Can i finetune deeplab to a custom dataset in tensorflow?

On Deeplab official tutorial page, the training commands looks like this:

python deeplab/train.py \
    --logtostderr \
    --training_number_of_steps=30000 \
    --train_split="train" \
    --model_variant="xception_65" \
    --atrous_rates=6 \
    --atrous_rates=12 \
    --atrous_rates=18 \
    --output_stride=16 \
    --decoder_output_stride=4 \
    --train_crop_size=513 \
    --train_crop_size=513 \
    --train_batch_size=1 \
    --dataset="pascal_voc_seg" \
    --tf_initial_checkpoint=${PATH_TO_INITIAL_CHECKPOINT} \
    --train_logdir=${PATH_TO_TRAIN_DIR} \
    --dataset_dir=${PATH_TO_DATASET}

By changing dataset_dir and dataset and a few lines in segmentation_dataset.py, you can train on your own dataset.

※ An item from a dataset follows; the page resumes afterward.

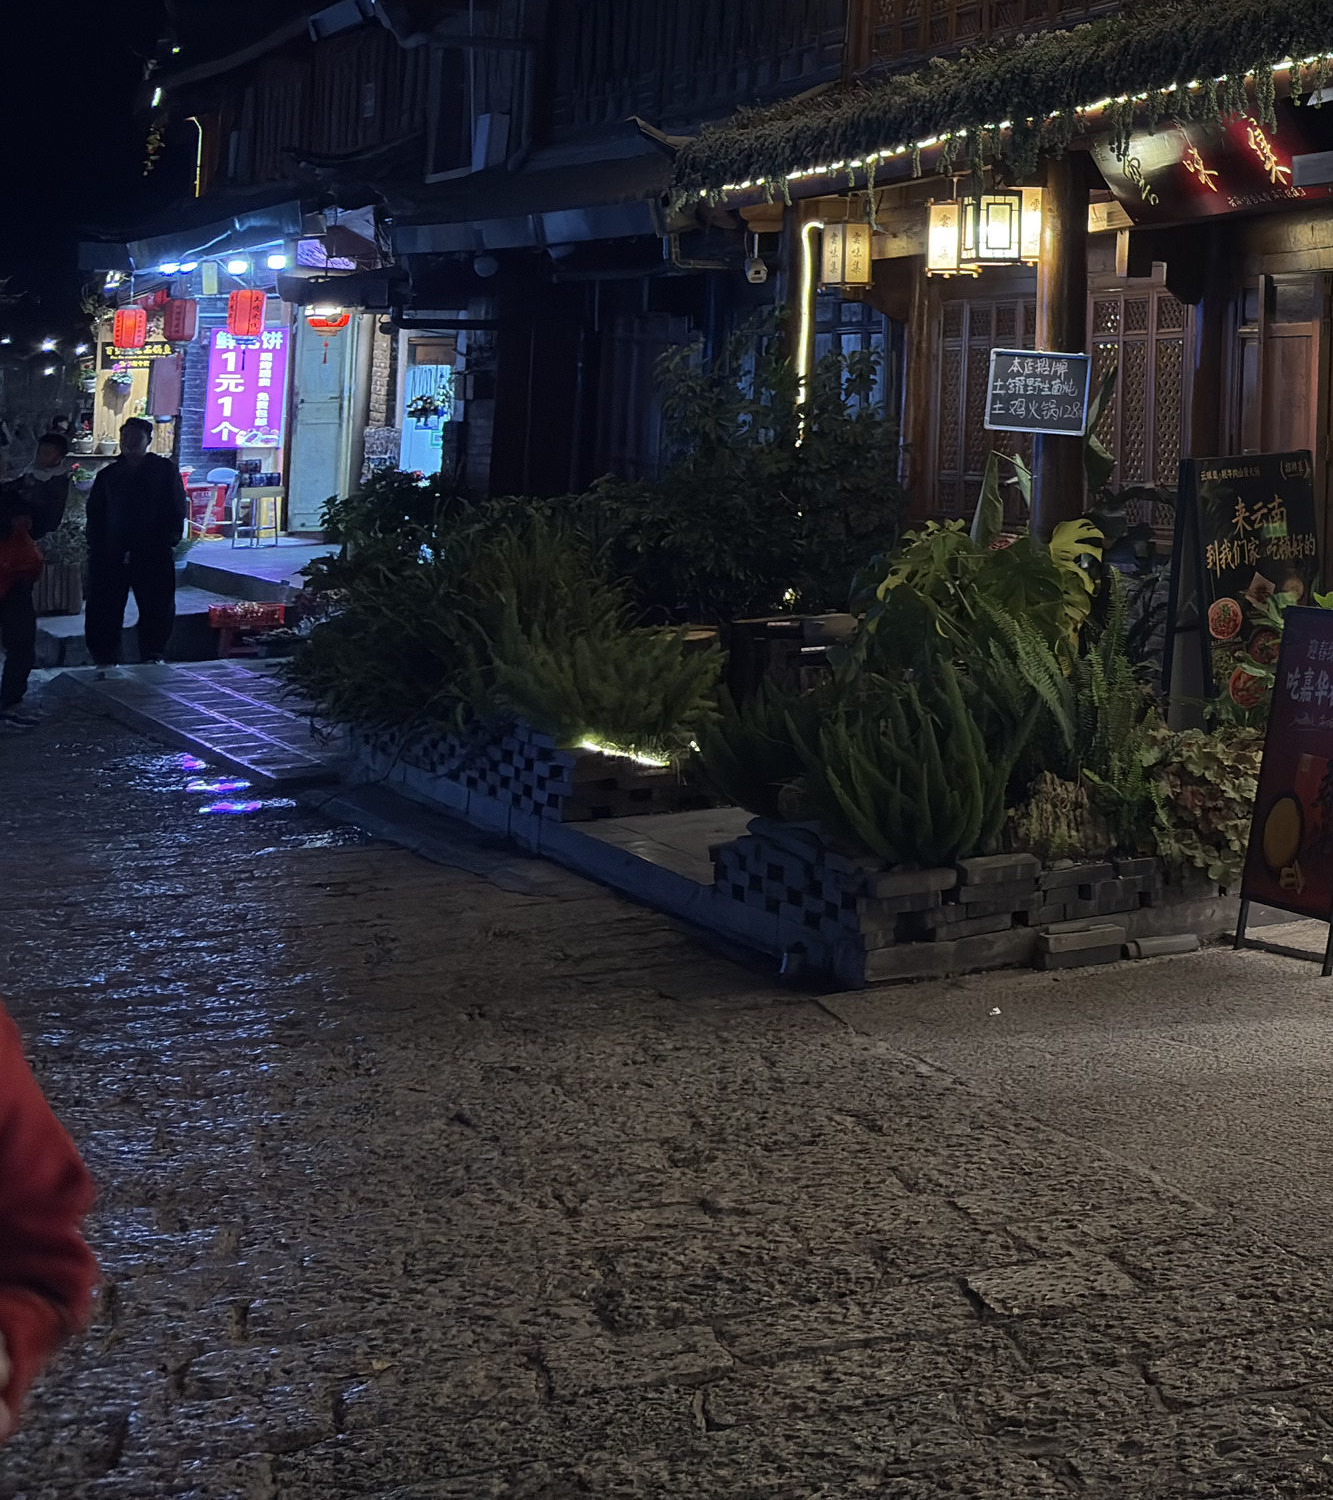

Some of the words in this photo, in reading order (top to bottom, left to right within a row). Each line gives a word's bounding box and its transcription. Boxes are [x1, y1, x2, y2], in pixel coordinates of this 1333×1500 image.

  • dataset_dir: path points to your tfrecord folder.

    Inside this folder, you should have train-%05d-of-%05d.tfrecord and val-%05d-of-%05d.tfrecord created by build_voc2012_data.py or other scripts in datasets.

    Accordingly, if you want to use train.tfrecord for training, set train_split to train; if you want to evaluate on your evaluation data, set train_split to val.

  • dataset: any self defined name, say "donkey_monkey"

  • Inside segmentation_dataset.py

    create DatasetDescriptor for your own dataset:

    _DONKEY_MONKEY_INFORMATION = DatasetDescriptor(
    splits_to_sizes={
        'train': 1464,  # number of training examples in train data
        'trainval': 2913,  # number of examples for train+eval
        'val': 1449,  # number of eval examples 
        },
        num_classes=21, # note: should be number of class + background
        ignore_label=255,  # label pixels to ignore
    )
    
    

    change below code (line 112)

    _DATASETS_INFORMATION = {
        'cityscapes': _CITYSCAPES_INFORMATION,
        'pascal_voc_seg': _PASCAL_VOC_SEG_INFORMATION,
        'ade20k': _ADE20K_INFORMATION,
        'donkey_monkey': _DONKEY_MONKEY_INFORMATION, # newly added
     }
    
    

Yes you should follow one of these tutorials, depending on the dataset format you have, where you get how to convert datasets to TFrecord format, and train model.

If you use Pascal voc 2012 format, there is a complete example here, including all the steps for training, evaluation, visualize results, and export model.